Projet de loi El Khomri : la médecine du travail en danger ?
C'est un texte explosif qui suscite la polémique depuis plusieurs jours : la réforme du code du travail ou "loi El Khomri" (du nom de la ministre du Travail). Les syndicats sont vent debout, tout comme une partie de la gauche. Ce matin, lundi 29 février 2015, le gouvernement a annoncé retarder de deux semaines la présentation du projet de loi en Conseil des ministres. Il souhaite se laisser le temps pour d'éventuels ajustements. Le texte comporte plusieurs mesures concernant la médecine du travail. Le point avec le Dr Martine Keryer, médecin du travail et secrétaire nationale à la CFE-CGC.
- Pour vous, cette loi est-elle un progrès pour la médecine du travail ?
Dr M. Keryer : "Cette loi n'est absolument pas un progrès, surtout pour les salariés. Jusqu'à présent, ils avaient accès à un médecin du travail depuis 60 ans quelque soit leur poste de travail, leur métier... Avec ce projet de loi, nous avons peur que ce droit à l'accès au médecin du travail disparaisse."
- Le texte prévoit le remplacement de la visite médicale d'embauche par une visite de "prévention" réalisée par un infirmier (et non plus par un médecin). Est-ce une solution pour désengorger la médecine du travail ?

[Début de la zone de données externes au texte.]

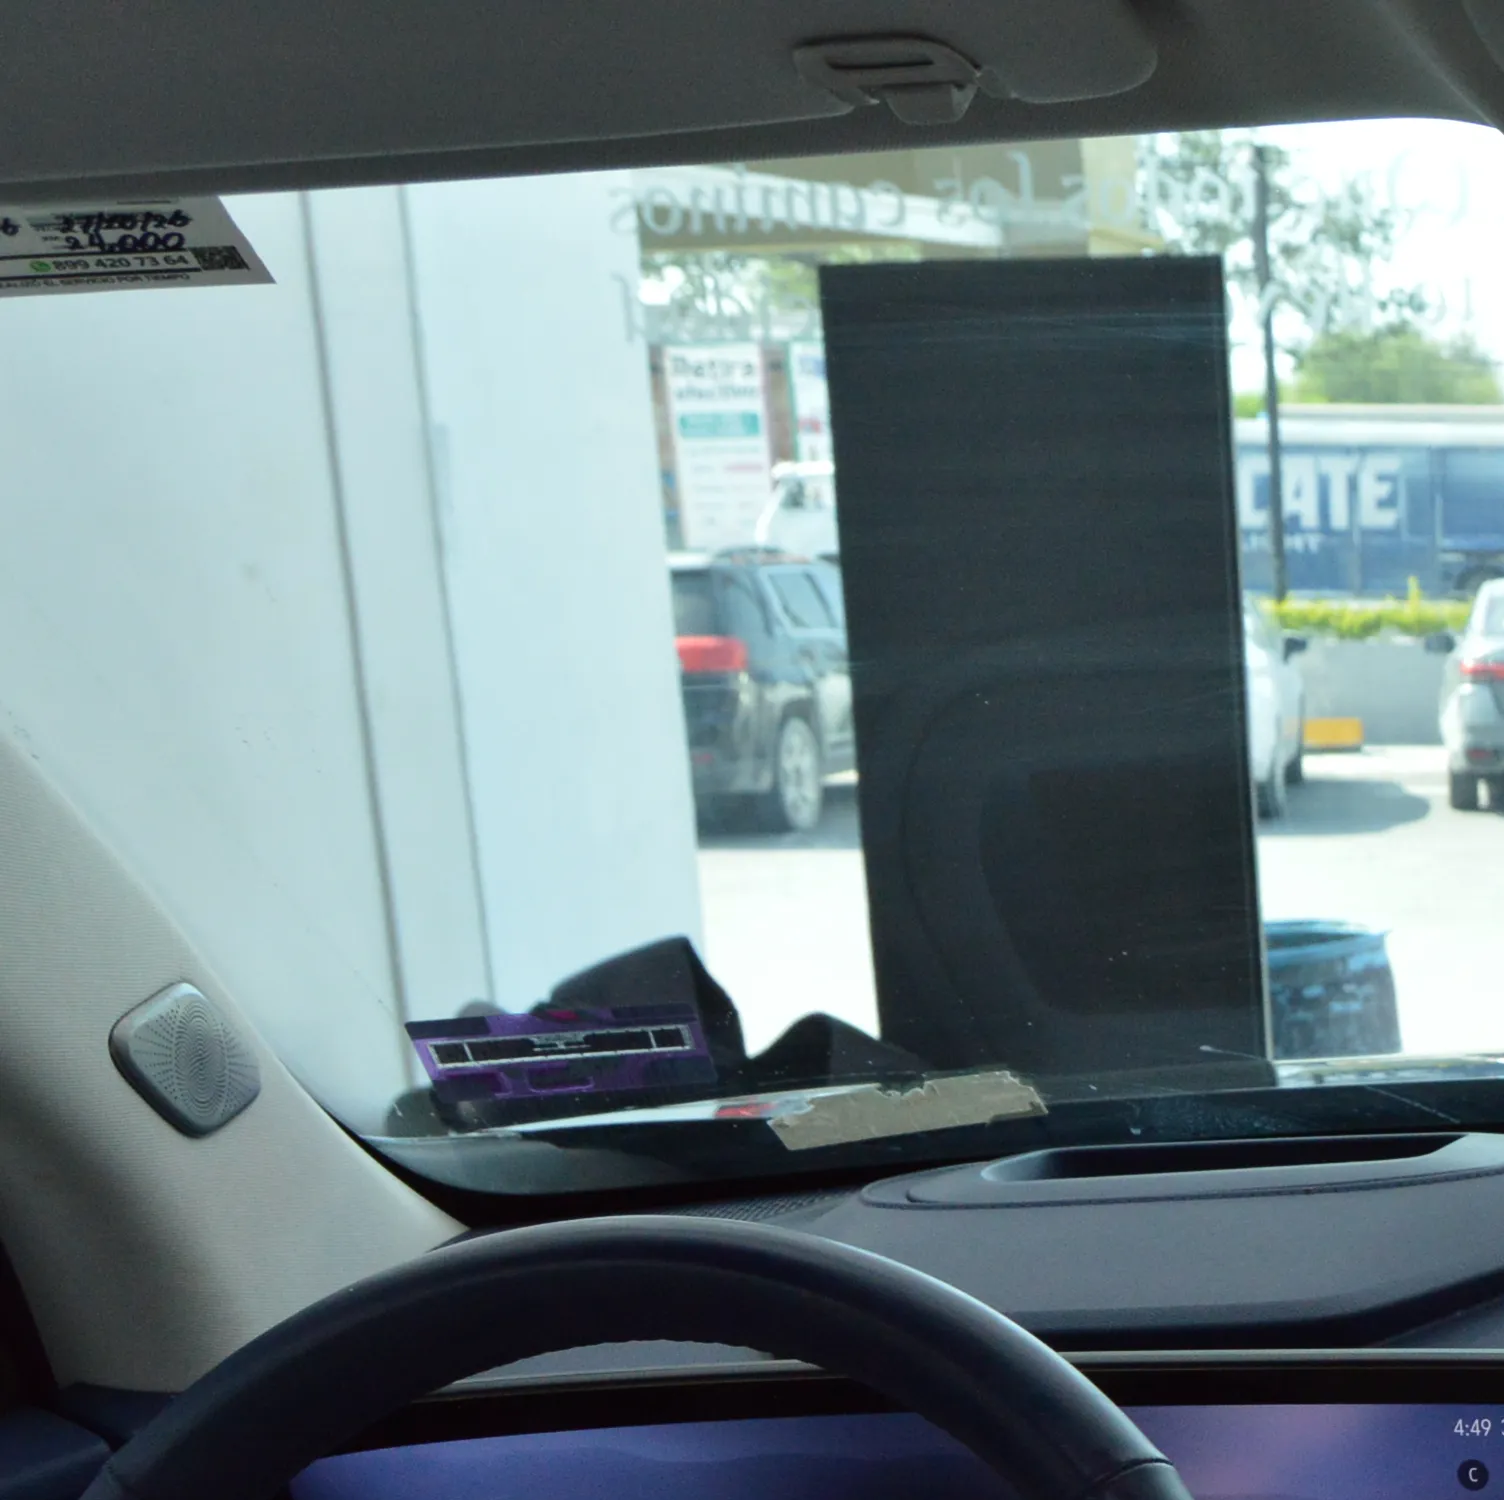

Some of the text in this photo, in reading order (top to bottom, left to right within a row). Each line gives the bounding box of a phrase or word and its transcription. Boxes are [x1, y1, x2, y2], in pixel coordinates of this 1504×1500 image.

[53, 254, 189, 271] 899 420 73 64
[1453, 1417, 1492, 1437] 4:49
[1468, 1467, 1479, 1483] C
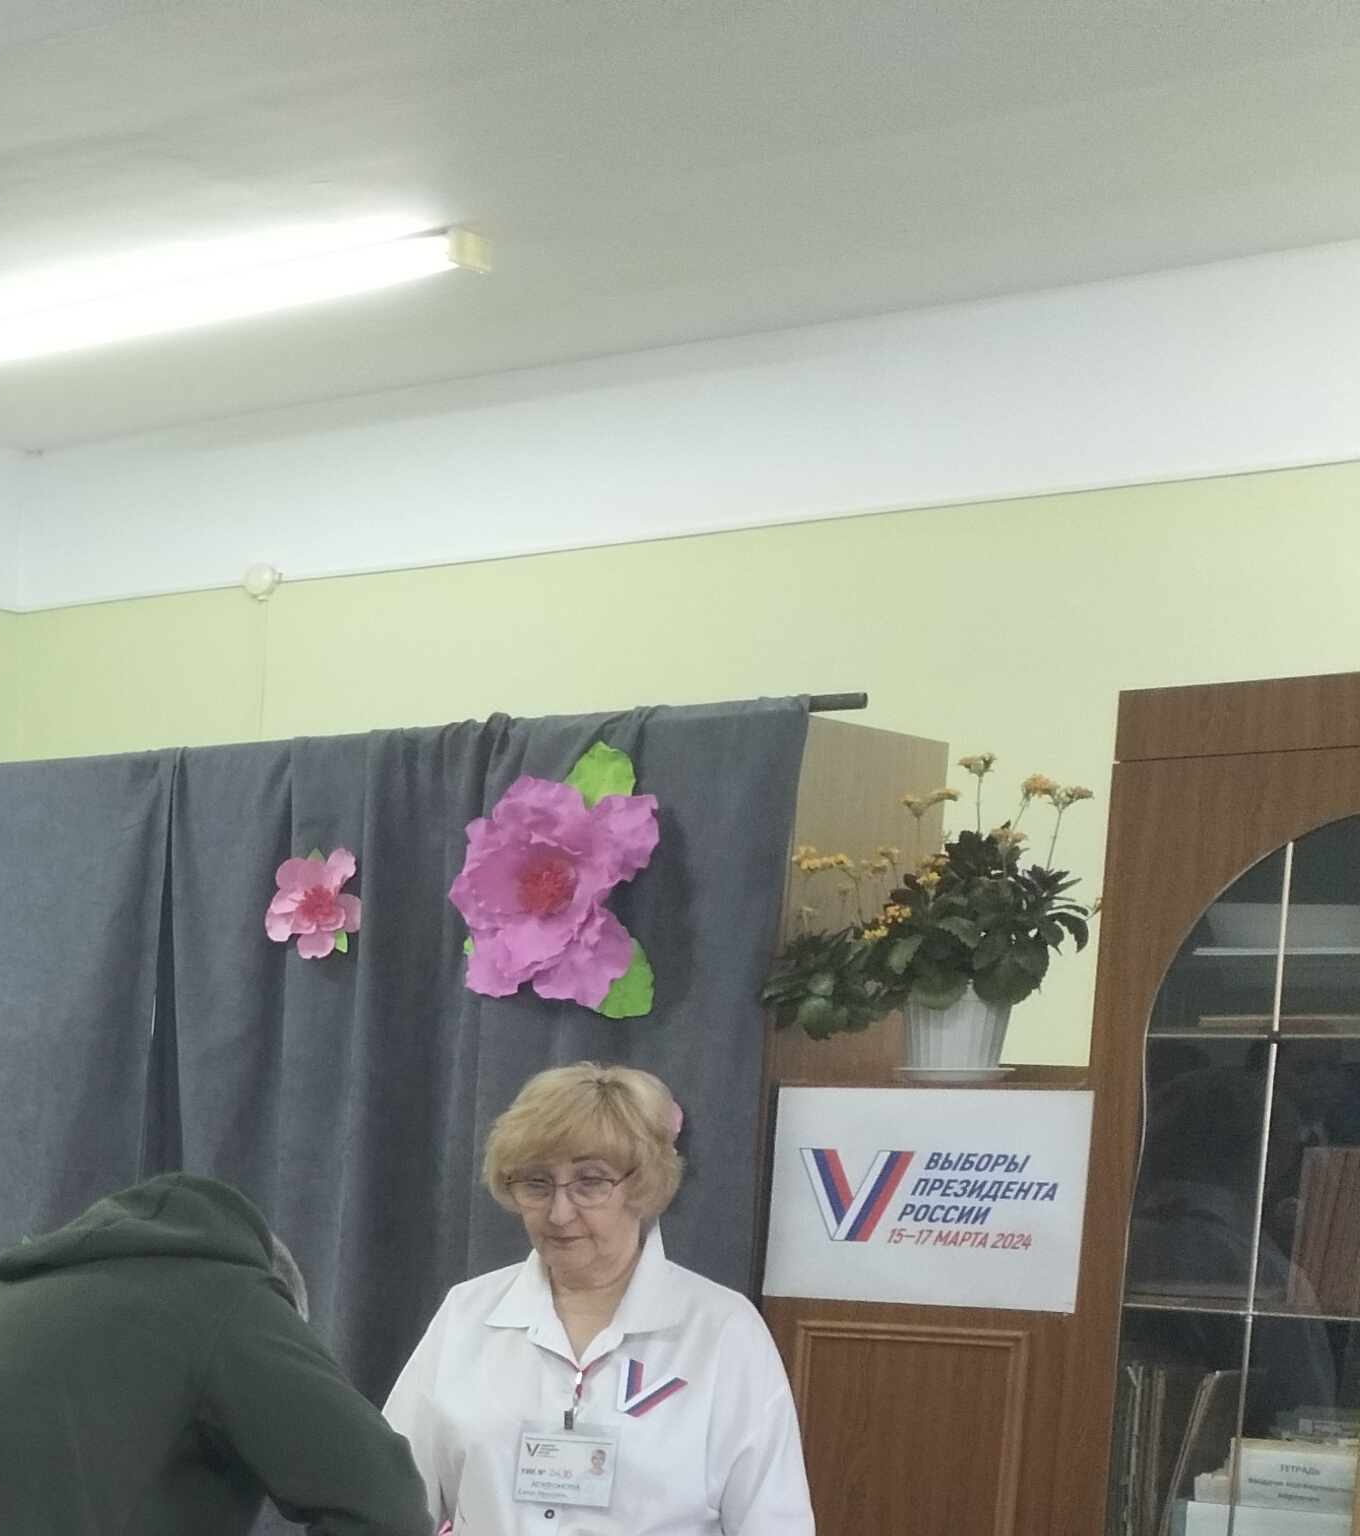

Dr M. Keryer : "Dans cette loi, on crée une médecine du travail à deux vitesses, avec d'un côté les salariés sur des postes de sécurité ou à risques et les autres. Les salariés sur ces postes à risques auront accès à un médecin du travail qui va émettre une fiche d'aptitude. Pour les autres populations qui ne sont pas des salariés à risques, ou en tout cas qui ne sont pas à risques visibles, je pense notamment aux cadres, aux techniciens, aux personnels des hôpitaux... Ils n'auront pas accès au médecin du travail en première intention.
"Le salarié aura accès à un membre de l'équipe médicale, médecin ou infirmier. Il n'y aura donc plus d'accès systématique au médecin du travail. Et cette visite de prévention ne donnera plus lieu à une fiche d'aptitude. En même temps, par cette loi, on supprime l'aptitude médicale qui était une protection pour le salarié. Elle permettait aux médecins de faire des propositions de postes de reclassement."
- Autre mesure : l’espacement des visites médicales pour les salariés. Aujourd'hui, elles sont obligatoires tous les deux ans. Ce n'est plus le cas dans le projet de loi. Pourquoi ces bilans de santé sont-ils importants pour les salariés ?
Dr M. Keryer : "A la date d'aujourd'hui, il n'y a même plus de précision concernant ce délai. Ce sera défini par décret. Ce qui veut dire que les personnes qui subissent des risques psycho-sociaux au quotidien ne connaîtront plus leur médecin du travail, n'auront plus accès à lui... Il y a tout un pan de prévention des risques psycho-sociaux, et notamment du burn-out, qui ne sera pas fait par les médecins du travail."
- Est-ce qu'au final, on ne tend pas vers la suppression de la médecine du travail ?
Dr M. Keryer : "Si cette loi va au bout, c'est d'abord la mort de la protection pour les salariés. C'est donc inquiétant. Et c'est la mort d'une médecine du travail, avec des médecins du travail. Il y aura toujours dans les services de santé au travail des infirmiers et des préventeurs. Mais il n'y aura plus de médecins du travail. C'est le but de plusieurs gouvernements depuis fort longtemps. La pyramide des âges des médecins du travail est très élevée et il n'y a pas eu de remplacements prévus."